→ **The problem**: An exact, complete copy of the entries below is required, minus any pictures.

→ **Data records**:

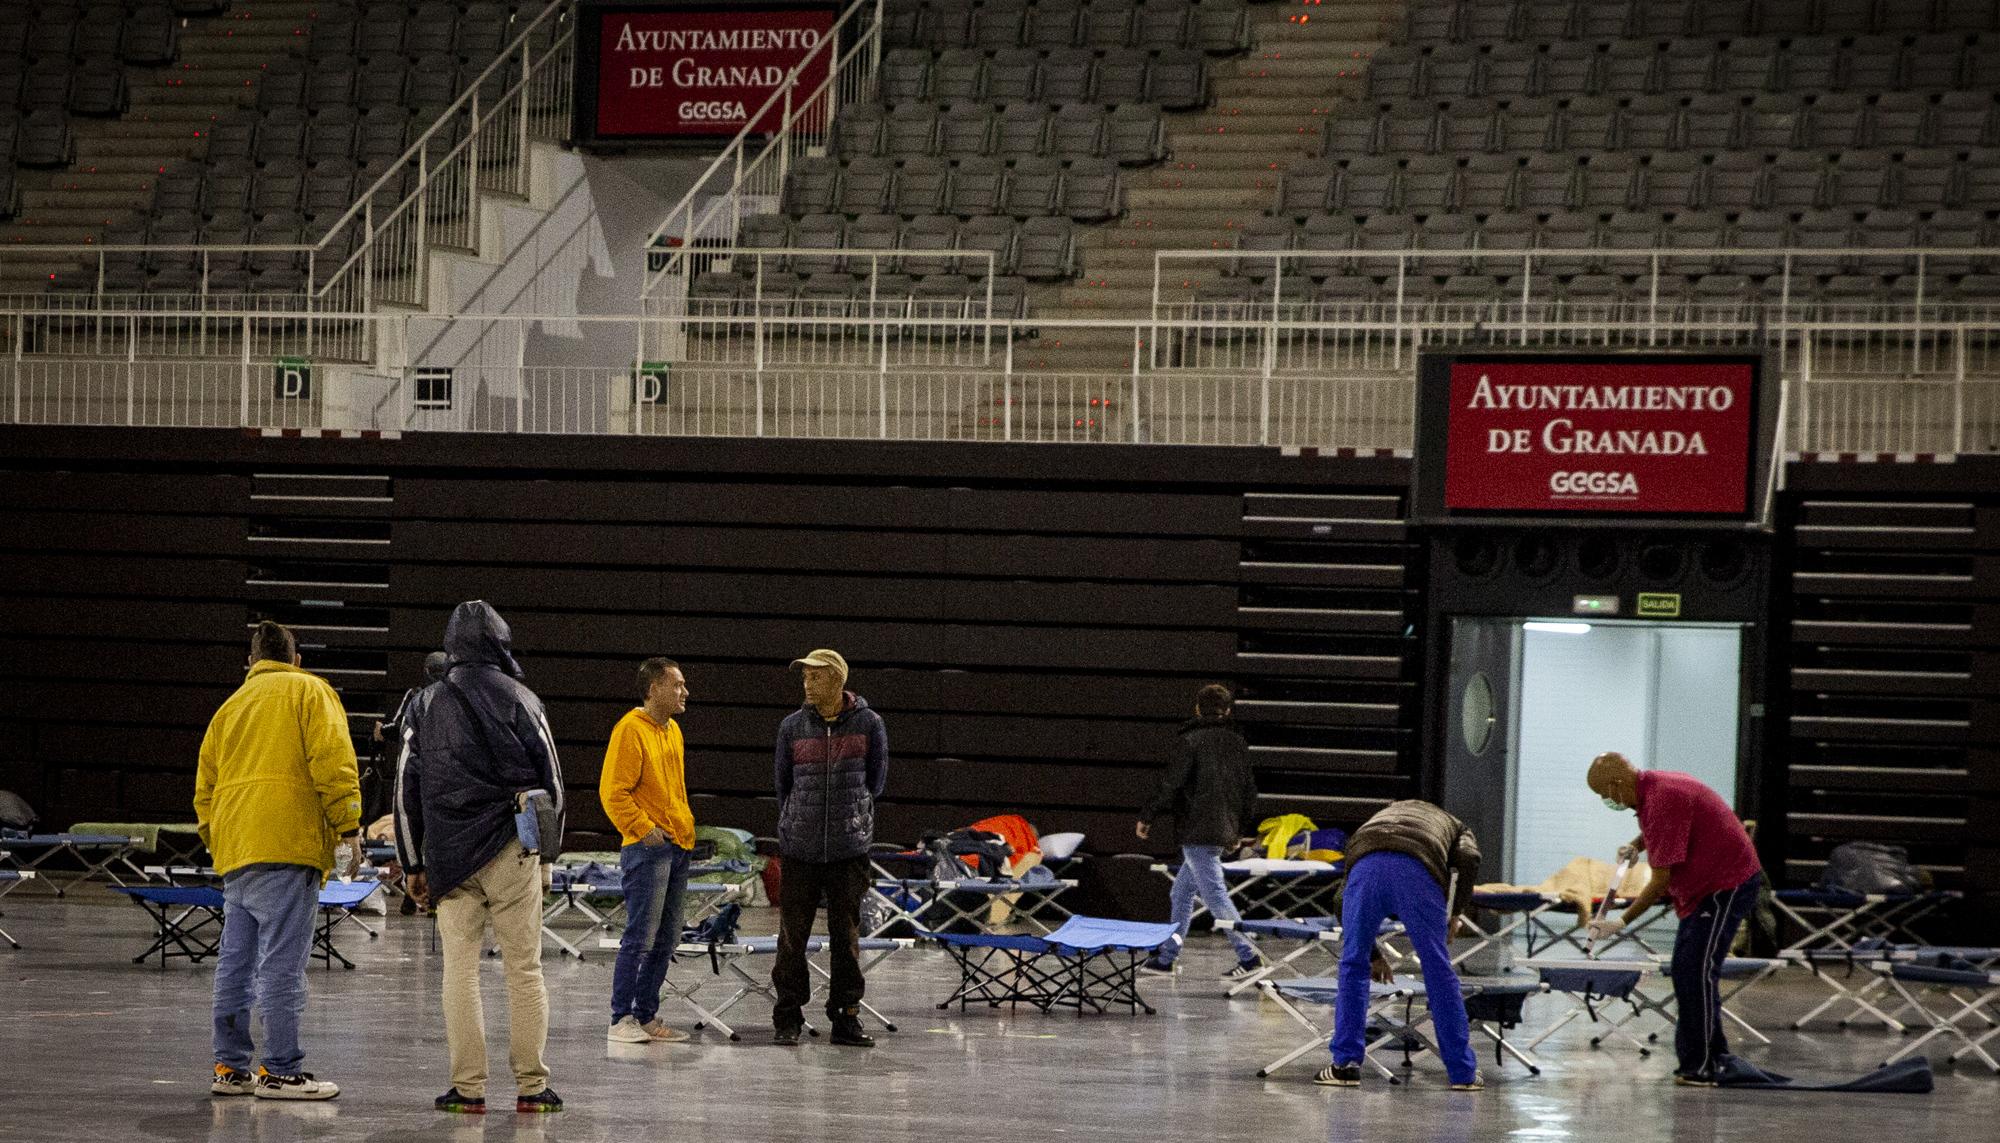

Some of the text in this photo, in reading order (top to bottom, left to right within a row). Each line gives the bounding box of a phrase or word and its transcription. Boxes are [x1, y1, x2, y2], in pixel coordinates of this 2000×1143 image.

[615, 22, 819, 51] AYUNTAMIENTO
[629, 66, 663, 87] DE
[283, 370, 303, 397] D
[1468, 374, 1734, 411] AYUNTAMIENTO
[1487, 418, 1708, 455] DE GRANADA
[1643, 599, 1675, 610] SALIDA
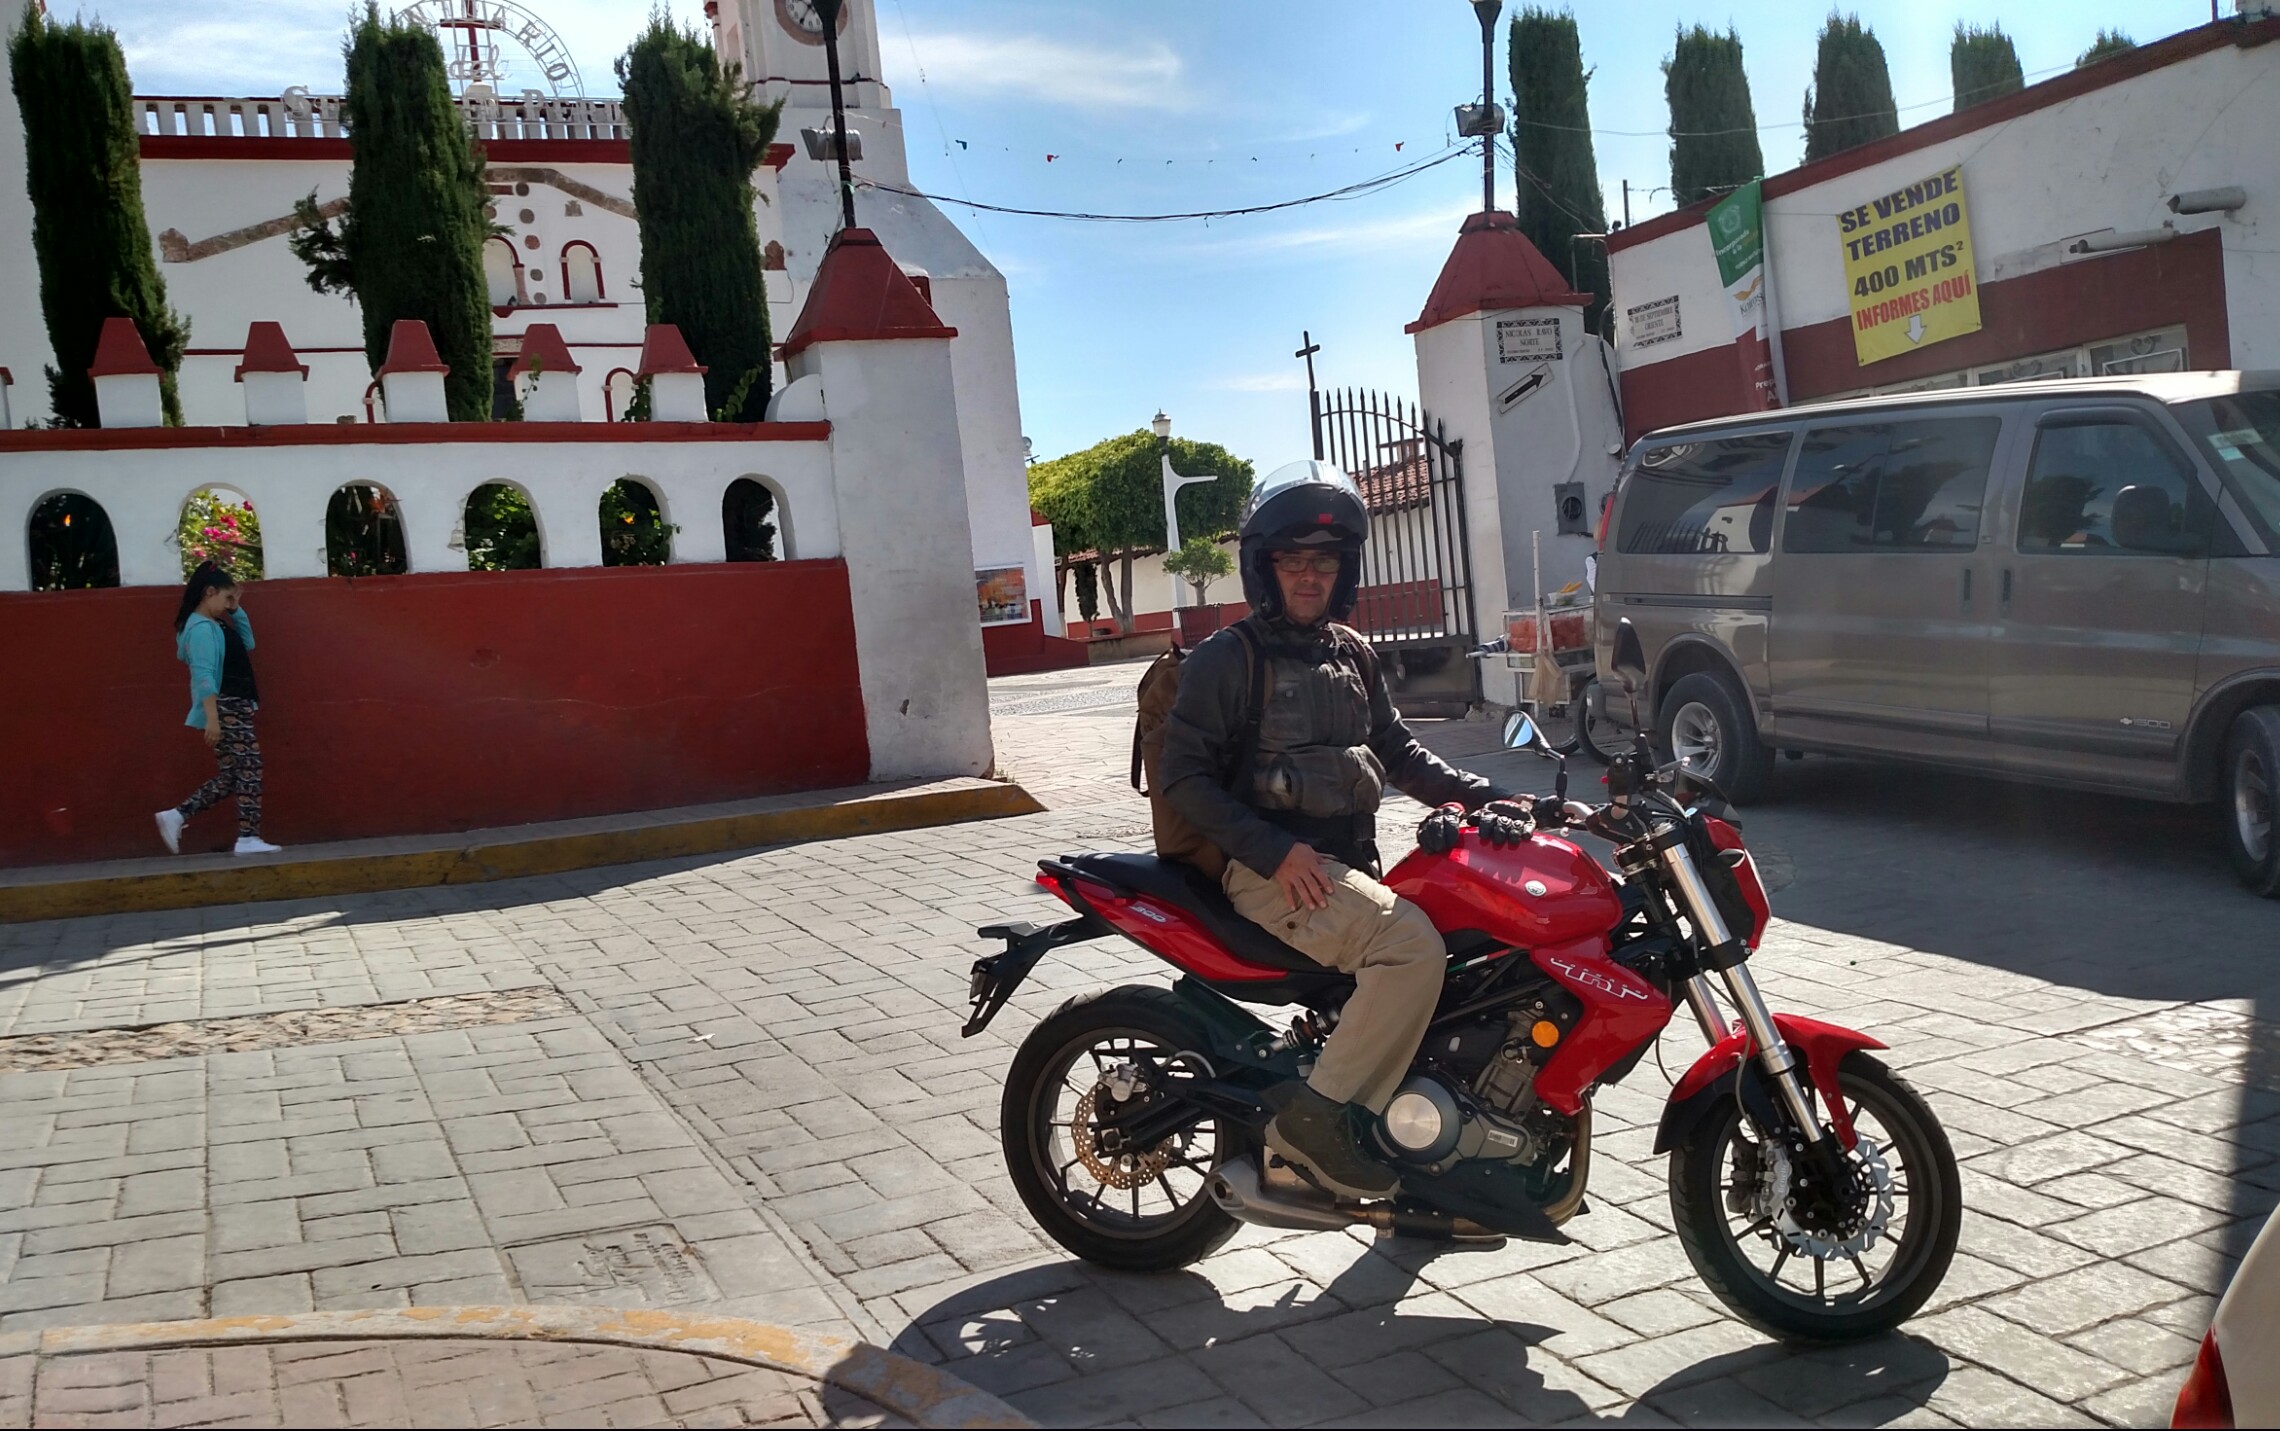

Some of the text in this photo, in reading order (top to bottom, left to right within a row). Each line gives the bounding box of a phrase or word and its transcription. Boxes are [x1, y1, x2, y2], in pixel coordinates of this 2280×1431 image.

[1840, 169, 1959, 233] SE VENDE
[1846, 202, 1961, 262] TERRENO
[1854, 265, 1900, 297] 400
[1856, 269, 1972, 331] INFORMES AQUÍ
[1519, 338, 1540, 346] NORTE
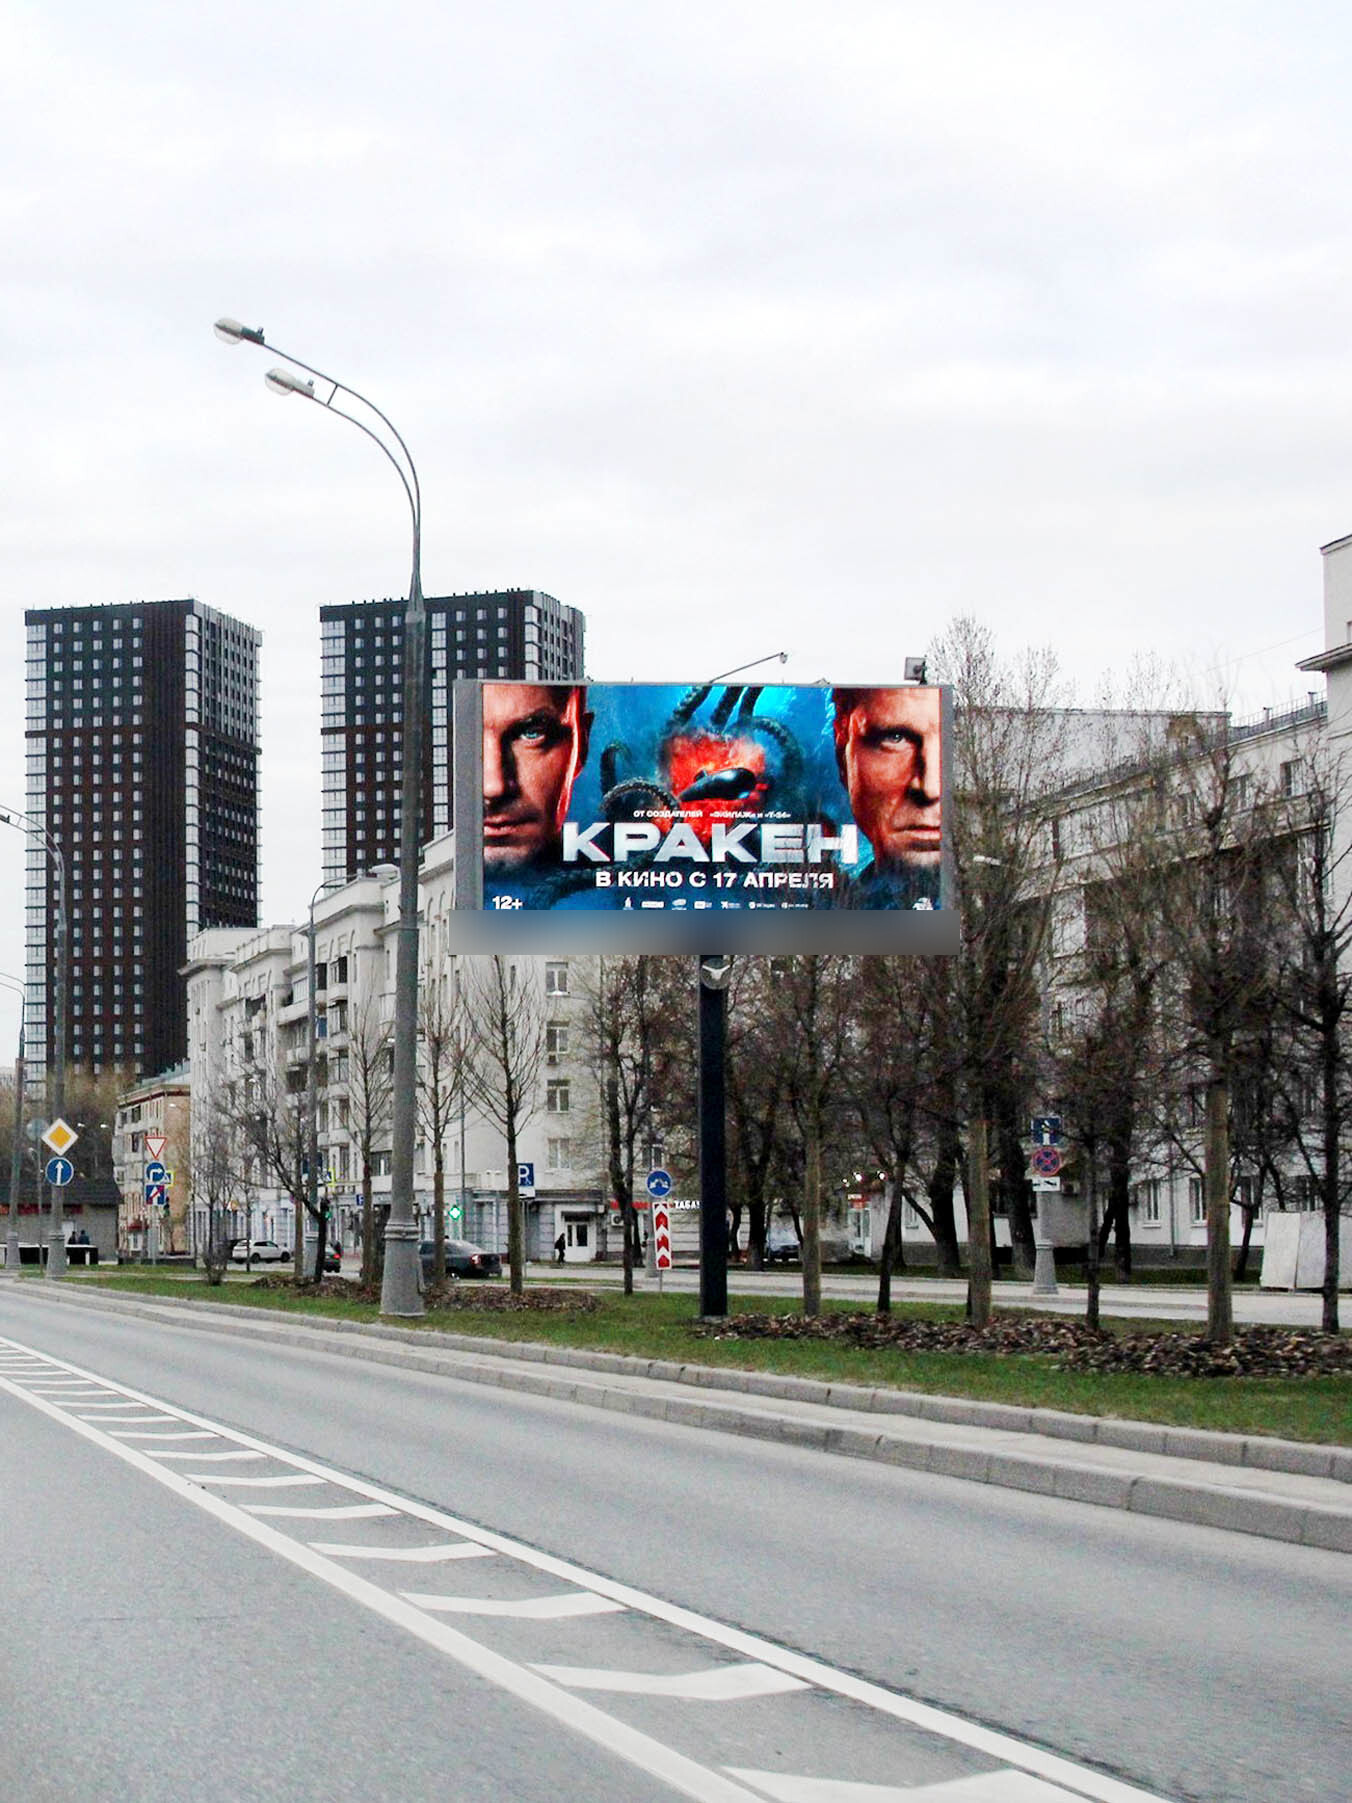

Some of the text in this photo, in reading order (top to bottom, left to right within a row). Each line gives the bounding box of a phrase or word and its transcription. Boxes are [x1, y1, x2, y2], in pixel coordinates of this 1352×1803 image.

[563, 823, 858, 864] КРАКЕН
[596, 872, 834, 889] В КИНО С 17 АПРЕЛЯ
[492, 896, 524, 910] 12+

→ **Answer section**:
Some of the text in this photo, in reading order (top to bottom, left to right within a row). Each line gives the bounding box of a phrase or word and its transcription. Boxes are [x1, y1, x2, y2], in pixel coordinates of this 2000×1143 image.

[615, 22, 819, 51] AYUNTAMIENTO
[629, 66, 663, 87] DE
[283, 370, 303, 397] D
[1468, 374, 1734, 411] AYUNTAMIENTO
[1487, 418, 1708, 455] DE GRANADA
[1643, 599, 1675, 610] SALIDA

Some of the text in this photo, in reading order (top to bottom, left to right within a row). Each line gives the bounding box of a phrase or word and its transcription. Boxes are [x1, y1, x2, y2], in pixel coordinates of this 2280×1431 image.

[1840, 169, 1959, 233] SE VENDE
[1846, 202, 1961, 262] TERRENO
[1854, 265, 1900, 297] 400
[1856, 269, 1972, 331] INFORMES AQUÍ
[1519, 338, 1540, 346] NORTE

Some of the text in this photo, in reading order (top to bottom, left to right within a row). Each line gives the bounding box of a phrase or word and its transcription. Boxes are [x1, y1, x2, y2], in pixel coordinates of this 1352×1803 image.

[563, 823, 858, 864] КРАКЕН
[596, 872, 834, 889] В КИНО С 17 АПРЕЛЯ
[492, 896, 524, 910] 12+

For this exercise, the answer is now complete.